Frankly, once your horse develops hock arthritis, you’re going to have to deal with it for the rest of the horse’s life. But, with proper management many horses continue to work and compete.

Your vet may suggest that an intra-articular injection will benefit the horse. Joint injections performed under appropriate sterile conditions have a low risk of adverse reactions and effectively control inflammation and pain.

Some veterinarians prefer corticosteroids, others hyaluronic acid (HA), and others use both. When combined, usually it’s corticosteroids in the lower joint and HA in the upper joint, where there is more movement. Not all horses require intra-articular therapy, though, and we believe you can get better results if you stretch out the intervals between needed injections with proper management.
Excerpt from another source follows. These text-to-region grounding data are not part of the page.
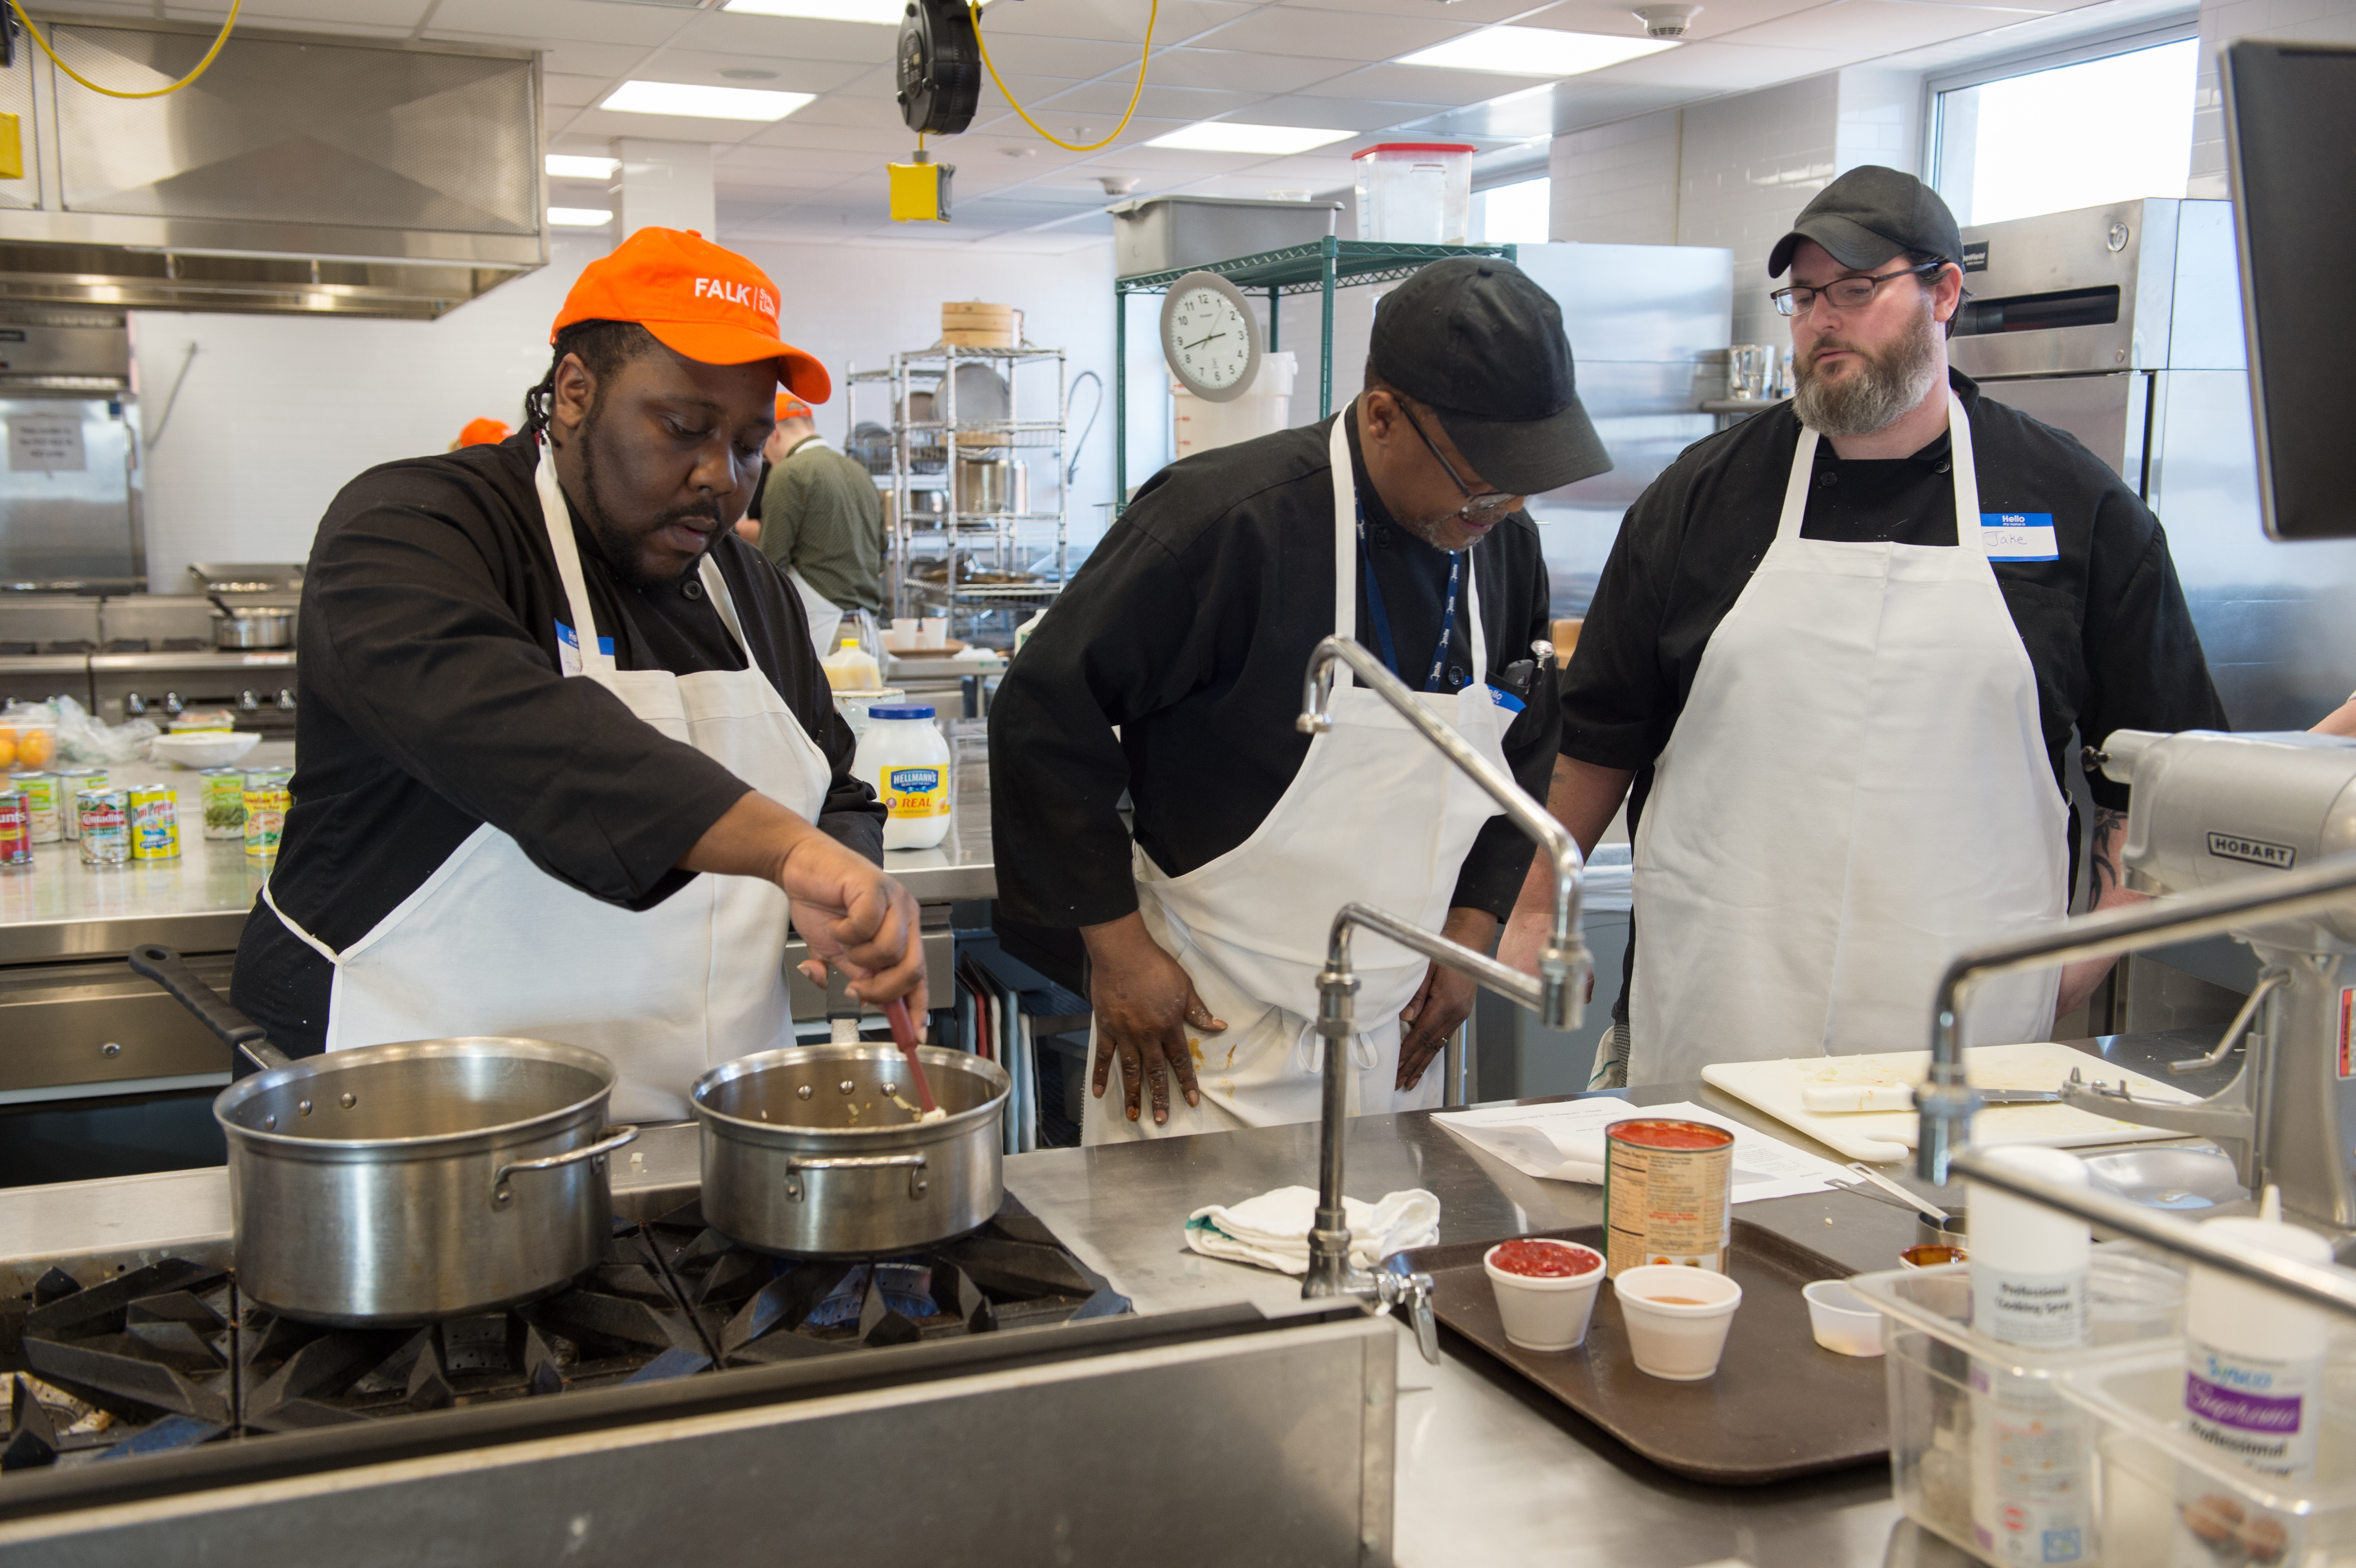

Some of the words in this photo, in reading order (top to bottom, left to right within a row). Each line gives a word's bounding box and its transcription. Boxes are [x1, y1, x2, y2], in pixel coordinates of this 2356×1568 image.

[695, 278, 752, 307] FALK
[1198, 294, 1209, 304] 12
[1217, 298, 1222, 308] 1
[1184, 302, 1194, 311] 11
[1178, 316, 1188, 326] 10
[1230, 311, 1236, 321] 2
[1238, 330, 1244, 340] 3
[1177, 336, 1183, 346] 9
[1185, 354, 1191, 364] 8
[1237, 349, 1243, 359] 4
[1199, 367, 1205, 377] 7
[1229, 364, 1235, 374] 5
[1215, 371, 1221, 381] 6
[1984, 531, 2027, 546] Jake
[894, 771, 937, 784] HELLMANN'S
[902, 798, 931, 807] REAL
[83, 813, 123, 825] Contadina
[132, 808, 147, 822] Don
[2215, 838, 2288, 862] HOBART
Use anti-inflammatories, like bute, sparingly, only when the horse is having an obvious flare-up (heat, swelling, with increased pain) and only for a few days at a time. For long-term pain control, consider devil’s claw (illegal in competition), such as B-L Solution (www.equineamerica.com, 800-838-7524).

• Rely on aggressive cooling as the primary method of inflammation and pain control during acute flare-ups.

• Avoid activities that overstress the hock during periods of acute flare-ups.

• Maximize turn out and minimize stall confinement.

• Use neoprene or magnetic hock wraps overnight for horses that obviously have early morning stiffness.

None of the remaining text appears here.